In Chapter 14, the last and closing chapter of The House of Mirth, the narration is once again in Selden’s point of view, like in the opening pages of book one and two. However, instead of looking at Miss Bart alive in the midst of the society and viewing her as society dictates, he is viewing her with more truth and emotion. Before, when the reader entered his mind at the beginnings of book one and two, his gaze was objectifying, analytical, and misogynistic, with him being composed or trying to be composed around Lily; but in the last chapter we see more raw and explicit emotions from him and his grappling with the truth. When he looks at Lily’s check book, the receipts, and, finally, the check to Trenor, it is almost as if he has lost all of that composure he has shown before, sinking into the chair next to the desk. It is said his “troubled vision cleared” and he is able to thinking about the truth and solve the mystery of the rumors that surrounded Lily and Trenor. It is in these final moments, “this fleeting victory over themselves”, that Lily is free of the societal shackles and rumors that had ruined her life and Selden is free to acknowledge the truth.

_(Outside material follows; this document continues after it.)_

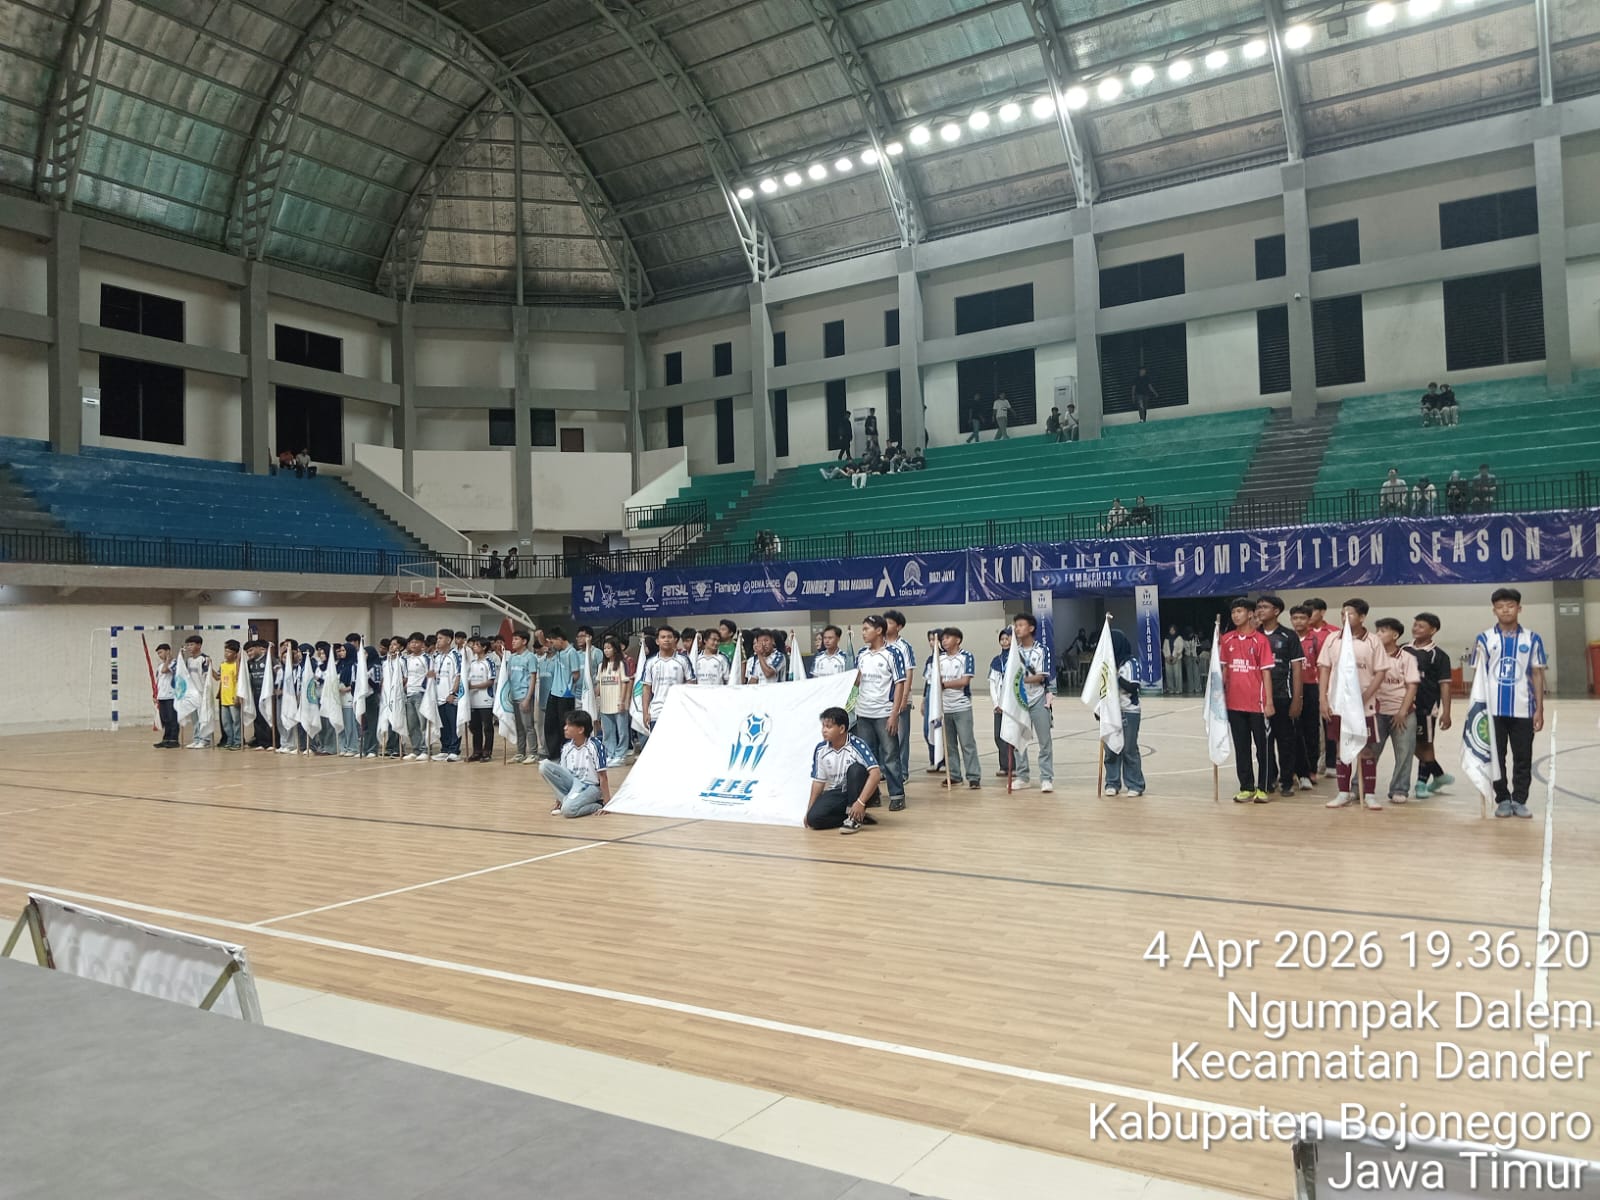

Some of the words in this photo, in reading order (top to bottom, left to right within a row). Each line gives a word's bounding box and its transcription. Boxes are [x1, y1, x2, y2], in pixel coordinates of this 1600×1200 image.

In the closing scene, there is a mixture of naturalist and modernist elements: should she had lived, Lily may have been far too poor to really be a part of society, but she nonetheless managed to keep her morality in a society that demanded she play a certain part and be immoral, and she also played that part to a certain extent. She is an anomaly, being neither the Stranger nor Other, though she becomes somewhat othered with her fall from grace because of Mrs. Dorset and not using the letters, but her burning the letters becomes her redemption as goes against what naturalism and society deems to what she should do and how she could have saved herself. She saves herself in a different way, and Selden is bearing witness to that; his emotions that the reader sees in the end, his wanting to confirm his love for Lily, and his trying to understand the truth of the rumors surrounding Lily really cements his position as the Stranger even though he claims to “had loved her” and has more emotions shown this time. There will always be some degree of objectiveness in his analysis of society and Lily, even when mourning in “this moment of love” he is thinking about the stakes of their could-have-been relationship and what the future may have held for them.
(note: sorry if this is hard to understand… I’m not the best at translating thoughts onto words on a page!)